To the uninitiated, boxing looks easy—just a couple of palookas hitting each other for a paycheck. Hey, most of them can barely speak English, right? Check out the diction and syntax on Larry Holmes or James Toney. It is easy to dismiss what is traditionally known as “the sweet science” as, at best, a barbaric experiment.
That’s what I thought until 2004, when I started taking boxing lessons from a 60-year-old man at a local gym. A couple months in, he suggested that we spar for the first time. Why not? This is the first test of a young fighter’s prowess and, by extension, a young man’s pride. During practice, my combinations were sharp; my defense was quick (“impregnable,” as Mike Tyson would say). More important, I was 19; he was 60 and had an artificial hip. I didn’t think it would be easy, but I thought I could at least walk away with some sense of masculinity left intact.
I barely lasted two rounds. I’ll resort to cliche and say it was like fighting a ghost. My punches missed by a foot. I had no timing. I got hit with even the slowest jab. Before I knew it was a jab, I was hit with another one. I moved my head too late. My feet and legs felt heavy, as if wrapped in wet towels. I was out of breath after one minute. I couldn’t land anything. The old man was too quick for a teenager. Eventually, after another year of training, I was able to go eight or nine rounds with a younger sparring partner, but those first few experiences were like nothing I had ever felt before. No workout can compare to boxing—real boxing, not that aerobic postiche that middle-aged women do. You can’t breathe; you can’t see; your shoulders hurt so much you can barely hold your arms up; you’re getting popped in the nose, the solar plexus, the liver; and, worst of all, you have to fight back.
Try doing that for fifteen rounds, which was how long championship bouts used to be (it was changed to twelve during the 1980s). There’s a certain nostalgia among boxing historians for the fifteen-rounder. It is supposed to represent a titanic age, when no fighter lifted weights and when the rings were free of advertisements. Smokin’ Joe Frazier was a member of that generation, and part of the sadness over his death is not only that we lost one of America’s best gentlemen, but that we lost one of the last living symbols of boxing’s glorious past.
I once fought a grandfather and lost. I can only dream, or have nightmares, about what it felt like to fight Joe Frazier in his prime. He could, with his left hook, put most men in either the hospital or the morgue. Again, to the uninitiated, Frazier’s style looks sloppy and reckless: he seems to charge into his opponents with no concern for strategy. When he bobs and weaves, he leans forward a bit too much and looks down at the canvas. That’s what most people see. What they miss are the subtle shifts in weight and the slick and relentless head movements that prevented his opponents from hitting him as he moved inside. Every good infighter, from Tyson to Toney, has learned from watching Joe Frazier close the gap on an opponent.
Unfortunately, there’s a substantial but often overlooked political angle to the whole story. Regarding Frazier’s feud with Muhammad Ali, Daniel Foster of National Review Online has aptly observed:
The Frazier–Ali split is supposed to be a conservative–liberal thing, and according to some, preferring the former to the latter is supposed to be vaguely racist, to boot.

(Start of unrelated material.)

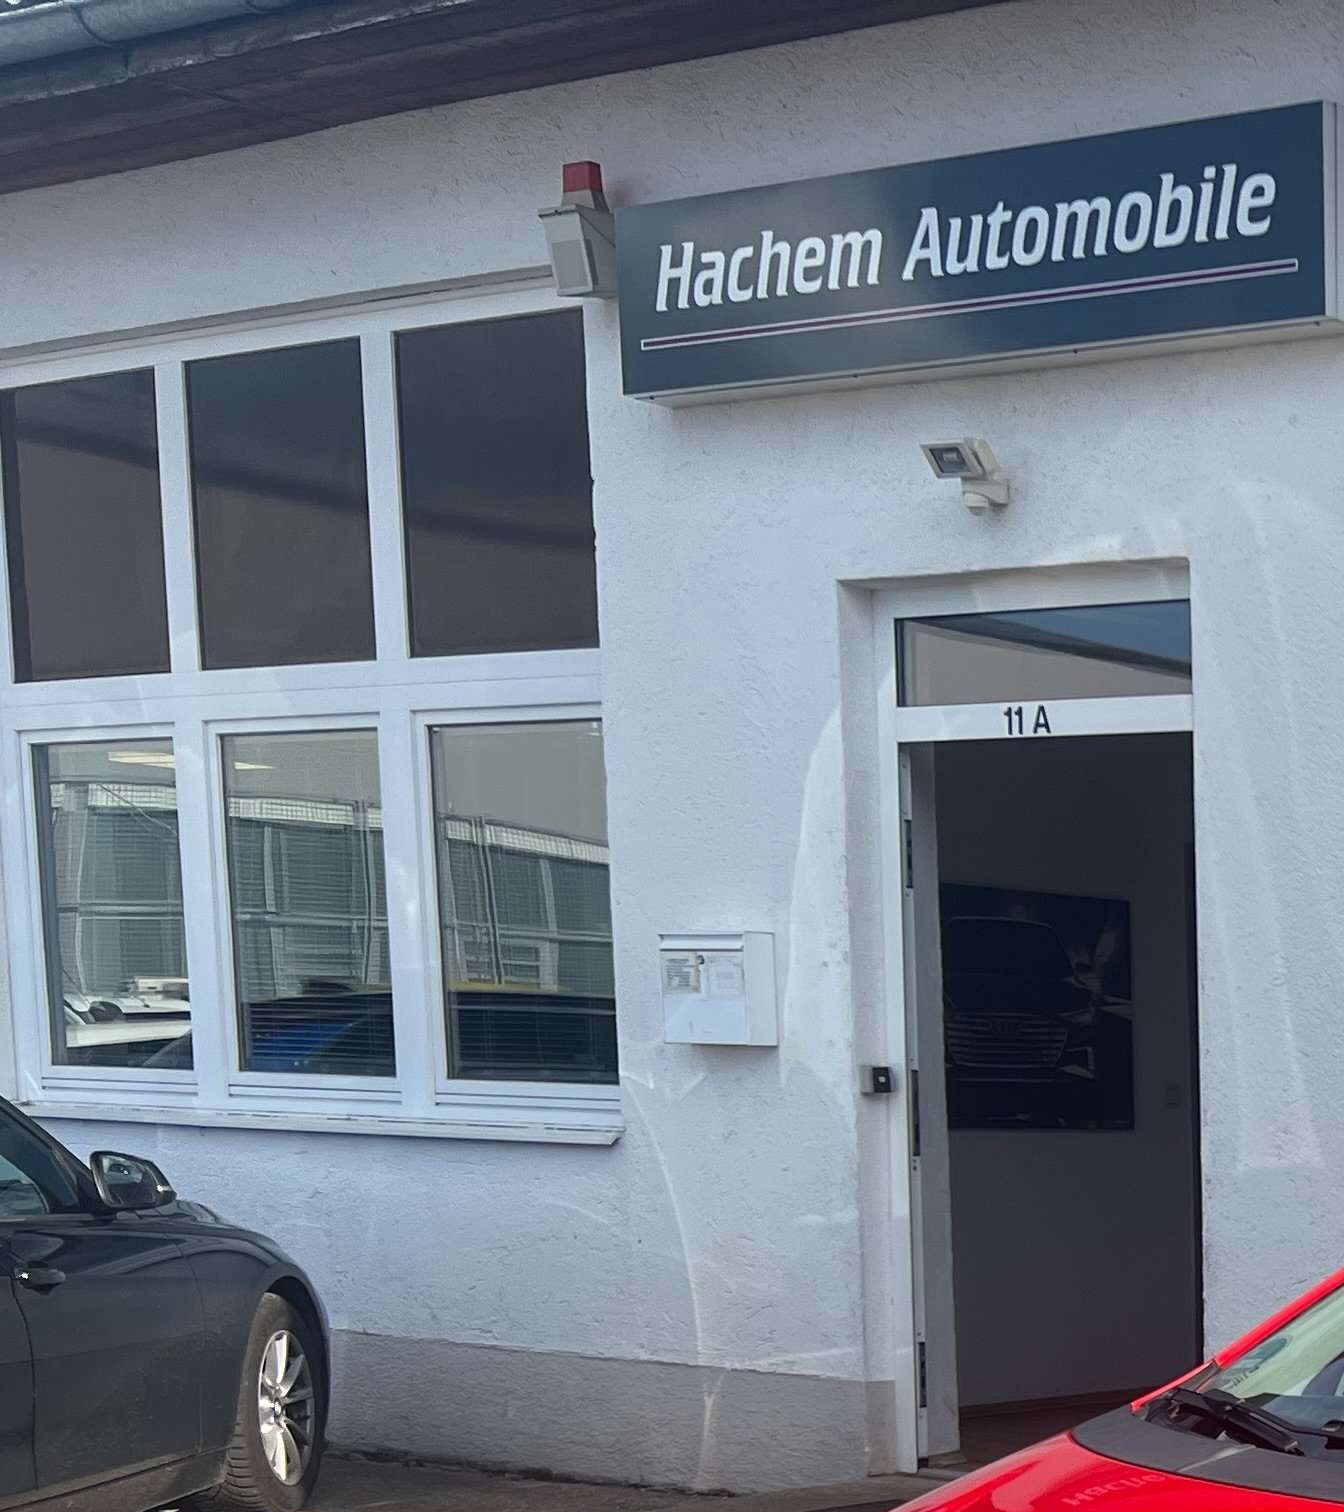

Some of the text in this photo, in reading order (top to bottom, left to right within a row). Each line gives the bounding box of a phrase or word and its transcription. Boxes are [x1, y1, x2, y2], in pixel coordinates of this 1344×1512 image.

[654, 162, 1278, 313] Hachem Automobile
[1003, 704, 1052, 736] 11 A

This is because Frazier was calm, modest, respectful, and disdainful of empty rhetoric. Ali, to the guardians of respectable opinion, was the “real” black man, the radical who ditched his “slave name” Cassius Clay and who refused to fight in Vietnam. But with time, it became clear that Ali’s persona was designed to evade as well as to provoke. Though a brilliant fighter, he always relied more on speed than on perfect boxing technique. As he got older and slower, his showmanship became more crass, as if he was desperate to cover up his eroding skill with profanity. Ali’s lowest point was when he, borrowing racialist tactics from the Nation of Islam, referred to Frazier as a “gorilla.” The subtext to Ali’s taunting was that Frazier was nothing more than an Uncle Tom, the white man’s black hope.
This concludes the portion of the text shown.